Toshiba America Medical Systems (TAMS; Tustin, California) said a research study in the April issue of Investigative Radiology showed its SureCardio multi-segment reconstruction applications to be clinically superior to standard halfscan reconstruction of 16-slice coronary computed tomography angiography performed on its Aquilion 16 CFX CT system. Each test result revealed that multi-segment reconstruction offered significant measurable improvements over half-scan reconstruction in patients with normal heart rates and reduced the acquisition time per heartbeat. According to researchers, the results were almost completely attributable to the higher image quality of multi-segment reconstruction, which produced images of the coronary arteries free of motion artifacts. SureCardio applications enable the Aquilion CFX products to produce precise MPR images, volume curves and polar maps, as well as wall motion analysis and functional parameter calculations.

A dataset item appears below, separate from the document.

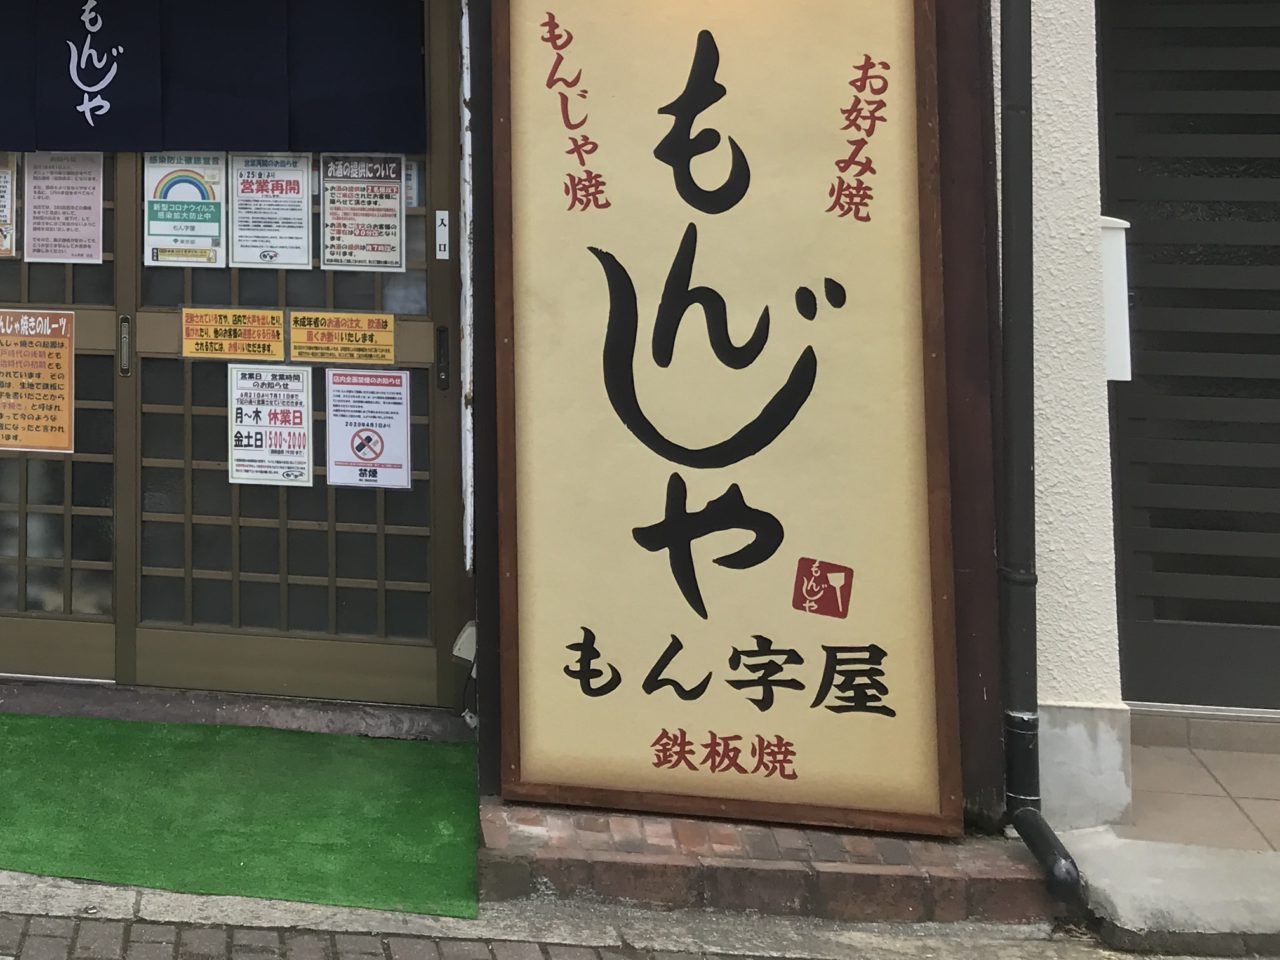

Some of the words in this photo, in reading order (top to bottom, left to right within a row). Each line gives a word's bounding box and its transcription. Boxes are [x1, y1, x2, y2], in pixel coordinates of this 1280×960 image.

W. L. Gore & Associates (Flagstaff, Arizona) reported the addition of collagen-coated polyester vascular prostheses and vascular patches to its medical products offering. The Gore polyester product family includes collagen-coated knitted and woven polyester graft configurations for aortic procedures, as well as cardiovascular patches designed for peripheral vascular repairs.

WorldHeart (Ottawa, Ontario) said last month that it received conditional approval from the FDA to proceed with full enrollment of recipients in the RELIANT (Randomized Evaluation of the Novacor LVAS In A Non-Transplant Population) trial. The RELIANT trial, first unveiled by the company last November, will randomize patients to receive either a Novacor LVAS or a Thoratec (Pleasanton, California) HeartMate XVE LVAS on a 2:1 ratio. The Novacor system, which WorldHeart acquired from Edwards Lifesciences (Irvine, California) in 2000, is an implanted, electromagnetically driven pump that provides circulatory support by taking over part or all of the workload of the left ventricle. With implants in more than 1,500 patients, no deaths have been attributed to device failure, and some recipients have lived with their original pumps for as long as four years. The company also is developing its next-generation technology, the HeartSaverVAD, a fully implantable assist device intended for long-term support of patients with heart failure. The FDA's conditional approval for the trial permits immediate enrollment of up to 390 patients at up to 40 centers in the U.S. The primary enrollment will be 300 patients, with approximately 90 additional patients expected to be enrolled during the follow-up period.

Zoll Medical (Chelmsford, Massachusetts) unveiled CodeNet, a software system that allows hospital teams to better document, manage and review cardiac arrest event and resuscitation information, at the American Association of Critical Care Nurses' National Teaching Institute in Orlando, Florida, last month. Zoll said CodeNet is the only system that time stamps logged events and synchronizes these times with defibrillator data, providing clinicians with a complete and accurate timeline of an entire cardiac arrest event. CodeNet consists of two software applications: CodeNet Writer, which is installed on a Pocket PC-based PDA and used to log code events, and CodeNet Central, which is a database management system on a desktop or laptop computer.